▼
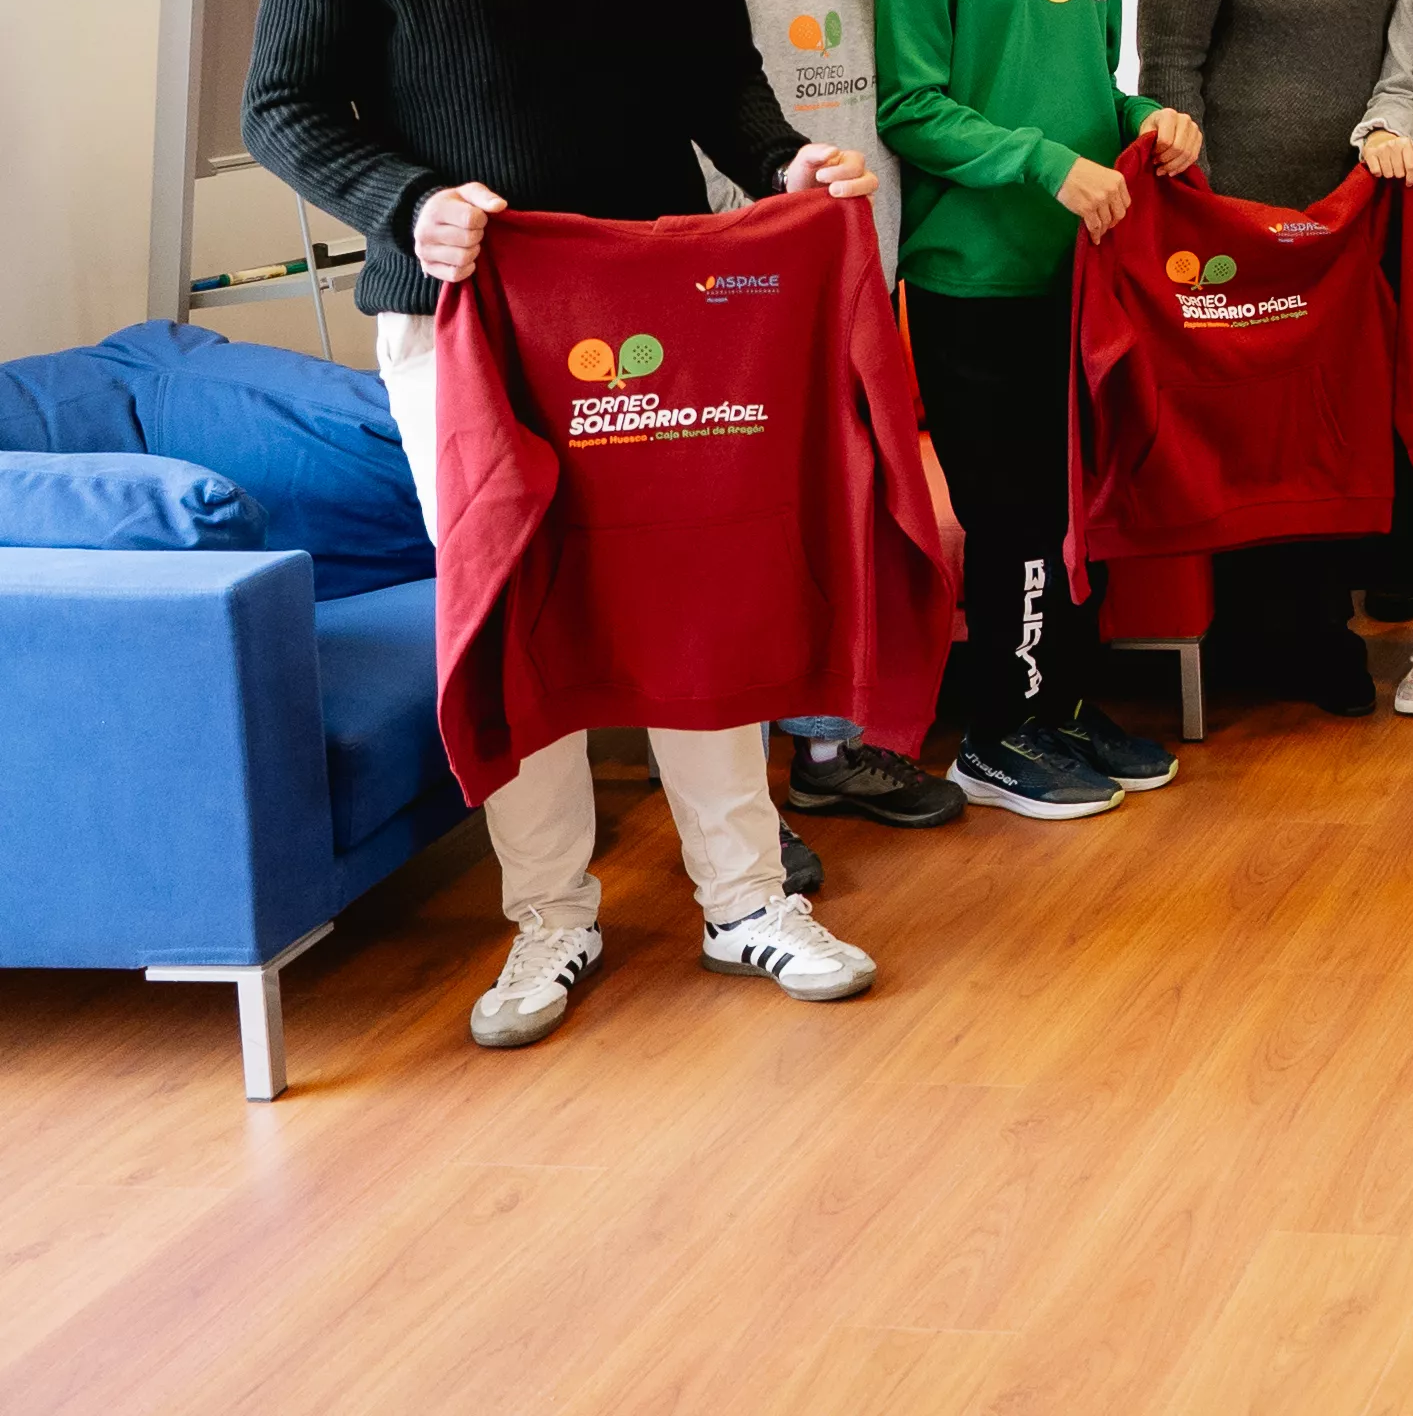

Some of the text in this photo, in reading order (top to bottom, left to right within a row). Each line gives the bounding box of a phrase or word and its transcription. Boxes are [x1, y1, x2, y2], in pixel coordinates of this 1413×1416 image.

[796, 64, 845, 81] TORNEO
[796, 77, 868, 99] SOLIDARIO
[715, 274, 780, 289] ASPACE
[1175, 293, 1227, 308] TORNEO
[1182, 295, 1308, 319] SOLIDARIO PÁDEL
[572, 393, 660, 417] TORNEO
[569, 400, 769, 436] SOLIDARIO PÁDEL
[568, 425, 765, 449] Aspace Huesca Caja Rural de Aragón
▲
- **Try it**: The material must be restated verbatim. Its pictures must be omitted.

- **Result of this exercise**:
Some of the text in this photo, in reading order (top to bottom, left to right within a row). Each line gives the bounding box of a phrase or word and its transcription. Boxes are [x1, y1, x2, y2], in pixel coordinates of this 1413×1416 image.

[796, 64, 845, 81] TORNEO
[796, 77, 868, 99] SOLIDARIO
[715, 274, 780, 289] ASPACE
[1175, 293, 1227, 308] TORNEO
[1182, 295, 1308, 319] SOLIDARIO PÁDEL
[572, 393, 660, 417] TORNEO
[569, 400, 769, 436] SOLIDARIO PÁDEL
[568, 425, 765, 449] Aspace Huesca Caja Rural de Aragón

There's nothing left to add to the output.